Based on fundamental business measures, our holdings have made significant progress since the beginning of the year, while the funds’ year-to-date performance remains negative. As a result, the gap between the intrinsic value of our holdings and their quoted prices has widened significantly, thereby reducing risk and increasing the potential for profits in the portfolio. To take advantage of this opportunity, we have increased our invested exposure. As of this date, we are approximately 98% invested (less if one excludes the approximate 5% of capital in the Justice Holdings Ltd. cash shell).
Since inception, our average cash position has been approximately 20% of capital, although our cash balance has varied significantly. Our invested exposure does not reflect our expectations of short-term movements in the overall market, but rather is a function of the relative opportunity set in the current portfolio and the timing of new investments and realizations.

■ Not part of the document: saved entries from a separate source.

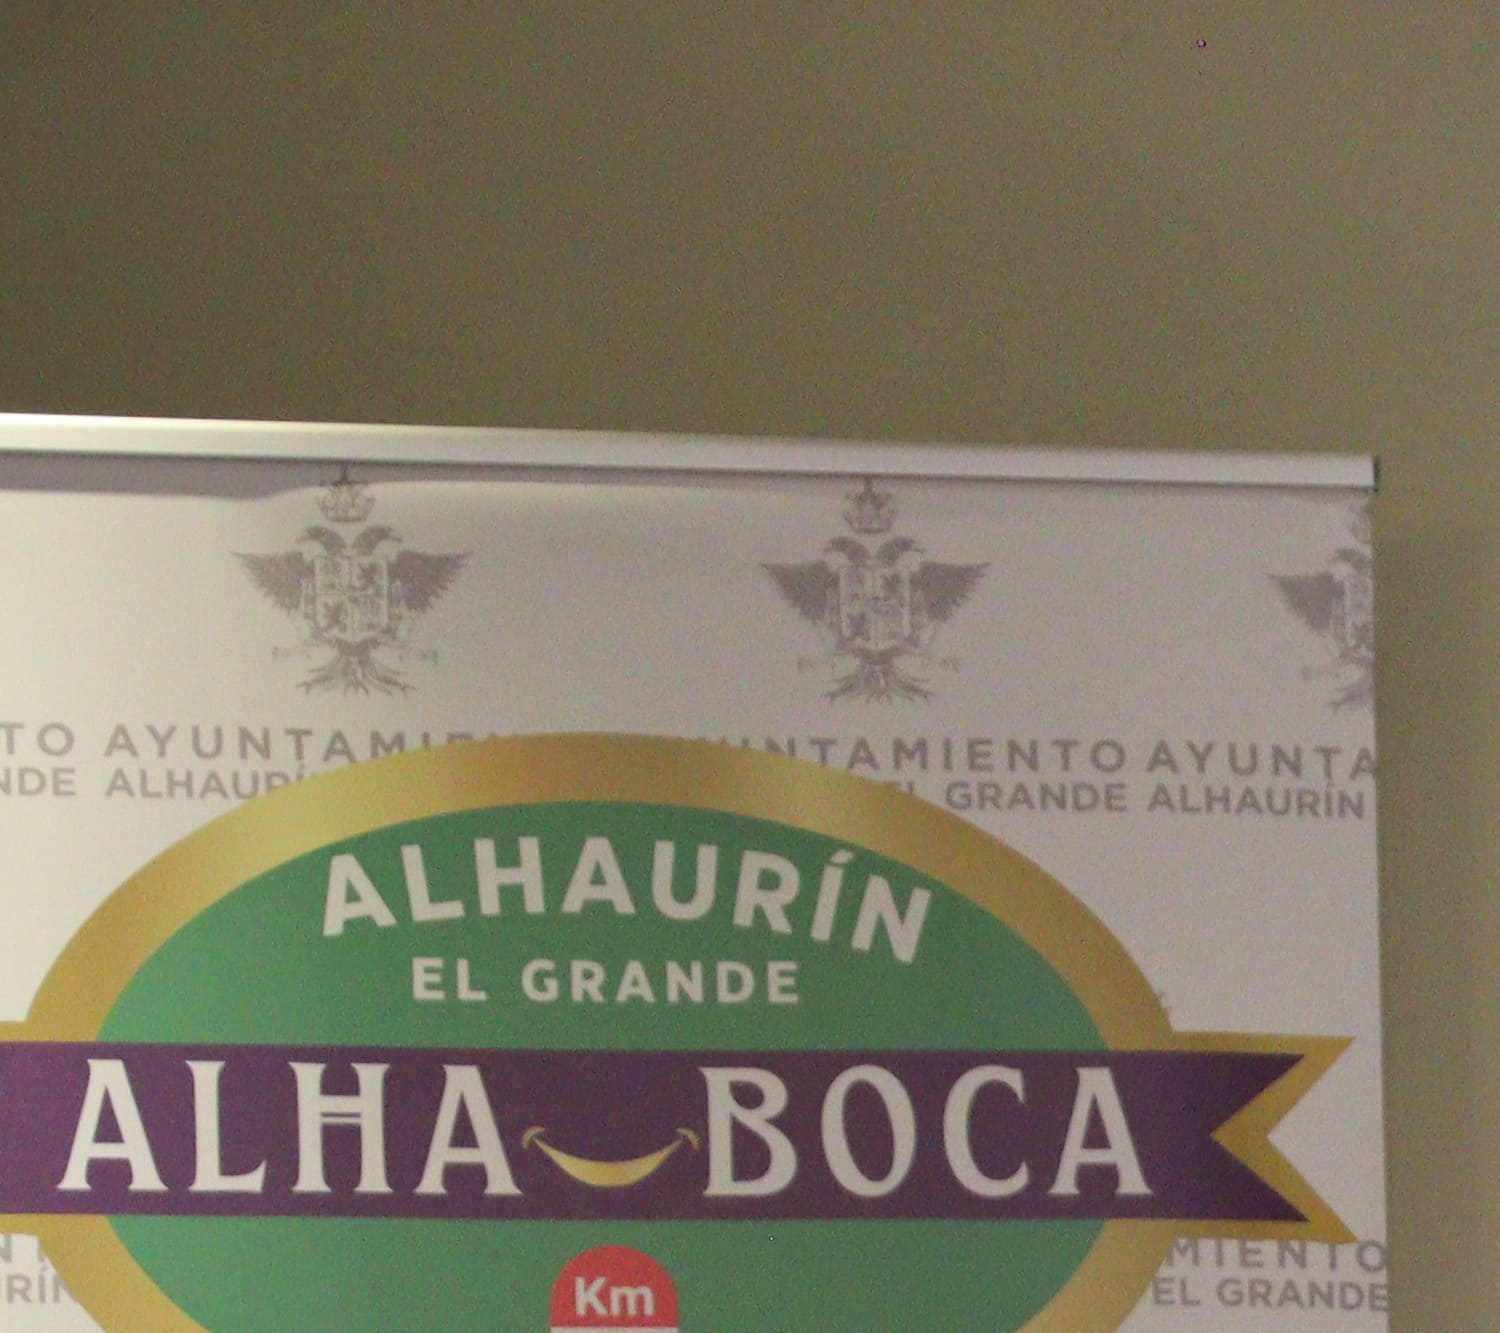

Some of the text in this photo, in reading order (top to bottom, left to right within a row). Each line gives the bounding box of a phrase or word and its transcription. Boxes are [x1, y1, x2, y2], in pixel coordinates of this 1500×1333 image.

[945, 781, 1127, 812] GRANDE
[1147, 781, 1365, 820] ALHAURÍN
[322, 836, 931, 964] ALHAURÍN
[411, 956, 800, 1004] EL GRANDE
[56, 1058, 1154, 1199] ALHA BOCA
[575, 1276, 656, 1317] Km
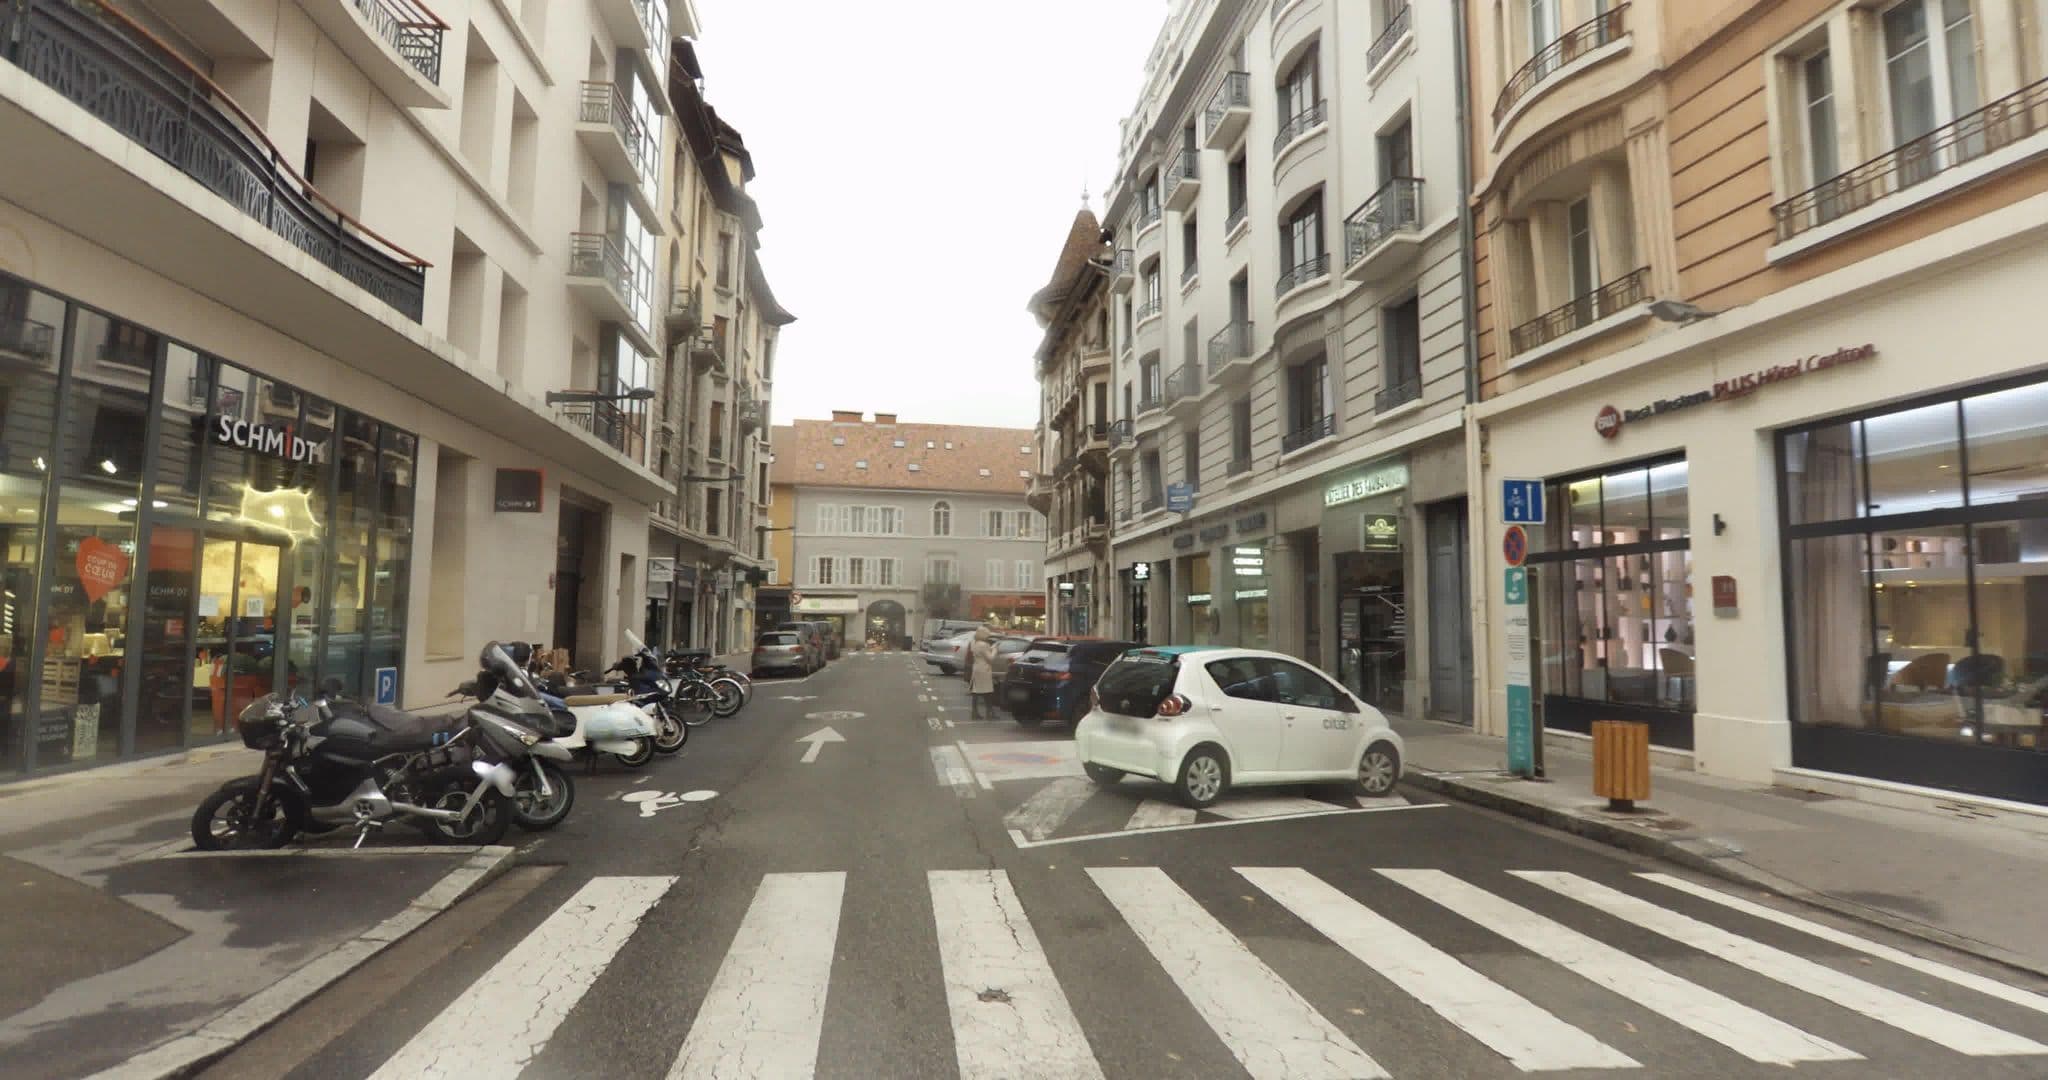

Our greater long equity exposure means that we are likely to have greater daily correlation with short-term moves in the market than if we had less exposure. Over longer periods, we expect our portfolio to continue its high degree of divergence from overall stock market performance because of the high degree of concentration in our holdings and the event-driven nature of most of our investments.
Many investors have dramatically reduced their equity exposures because of a belief that the world is more uncertain now with continued struggles in the Eurozone and a political stalemate in the United States. Putting aside whether the current amount of macro uncertainty is greater or less than that of other periods in recent and long-term investment history, we have not adopted this approach because it is inconsistent with our investment strategy.
While a more positive macro environment will increase the value of our holdings, we expect to generate high long-term rates of return from our existing holdings even without a substantial improvement in the economy. I have come to think of our investment approach as akin to a form of long-term arbitrage, where we invest and then work with our portfolio companies to cause the spread between our purchase price and intrinsic value to narrow. In some cases, in addition to unlocking existing value, we can assist a company in increasing its long-term intrinsic value by bringing in new management, adopting a change in strategy, modifying its structure and approach to allocating capital, by selling or spinning off non-core assets, through cost control and with other approaches.
Our ability to cause the price-value spread to narrow is, in most cases, unrelated to macro events, and has improved significantly over the last eight years. It is largely a function of Pershing Square’s growing influence in the capital markets, our experience with previous investments, and specific circumstances with each of our holdings.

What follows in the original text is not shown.